Lipopolysaccharide-induced expression of IP-10 mRNA in rat brain and in cultured rat astrocytes and microglia.

Using mRNA differential display technique, we have found a differentially expressed band in rat brain, designated HAP2G1, which was the strongest one induced in response to peripheral administration of lipopolysaccharide (LPS). Sequence analysis showed that HAP2G1 cDNA is the rat homologue of the human alpha-chemokine IP-10. Using RT-PCR technique and in situ hybridization, we demonstrate that IP-10 mRNA was expressed only in brain tissue of rats treated with LPS and not in control brain tissue.

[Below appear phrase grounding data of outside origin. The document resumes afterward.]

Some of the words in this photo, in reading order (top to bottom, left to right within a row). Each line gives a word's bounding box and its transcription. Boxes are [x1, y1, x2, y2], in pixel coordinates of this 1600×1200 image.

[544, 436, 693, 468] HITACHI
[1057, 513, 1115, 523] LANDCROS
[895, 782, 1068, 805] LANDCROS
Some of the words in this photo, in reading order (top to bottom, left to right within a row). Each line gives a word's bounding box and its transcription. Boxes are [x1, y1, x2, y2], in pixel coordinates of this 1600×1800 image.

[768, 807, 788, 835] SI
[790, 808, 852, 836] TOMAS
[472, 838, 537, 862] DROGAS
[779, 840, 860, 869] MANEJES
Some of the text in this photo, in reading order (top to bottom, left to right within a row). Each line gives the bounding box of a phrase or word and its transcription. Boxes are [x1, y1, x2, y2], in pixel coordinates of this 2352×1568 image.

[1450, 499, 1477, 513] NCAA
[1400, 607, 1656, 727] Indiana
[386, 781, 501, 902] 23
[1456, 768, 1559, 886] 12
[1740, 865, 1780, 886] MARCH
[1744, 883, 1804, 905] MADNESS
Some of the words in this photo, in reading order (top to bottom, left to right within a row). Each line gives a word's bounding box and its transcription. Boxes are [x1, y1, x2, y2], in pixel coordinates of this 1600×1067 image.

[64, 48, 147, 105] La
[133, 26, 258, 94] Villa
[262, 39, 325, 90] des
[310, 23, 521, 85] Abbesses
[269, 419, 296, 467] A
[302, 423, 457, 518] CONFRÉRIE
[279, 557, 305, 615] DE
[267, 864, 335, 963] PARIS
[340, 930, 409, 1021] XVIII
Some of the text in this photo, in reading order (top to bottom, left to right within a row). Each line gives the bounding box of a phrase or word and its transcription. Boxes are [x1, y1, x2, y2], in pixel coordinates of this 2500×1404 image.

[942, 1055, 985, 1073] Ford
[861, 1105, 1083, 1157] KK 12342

Using semi-quantitative PCR, we found that both cultured astrocytes and microglia express IP-10 mRNA after treatment with LPS. LPS-induced IP-10 mRNA reached peak levels in rat brain and in cultured microglia at approximately 3 h after treatment with LPS. At 10 h, IP-10 mRNA was markedly decreased, and at 24 h it was low but still detectable by PCR or in situ hybridization. In contrast to unstimulated microglia, unstimulated astrocytes constitutively expressed IP-10 mRNA at a low level. Increased IP-10 expression could possibly be involved in the microglia response to inflammatory stimuli in vivo.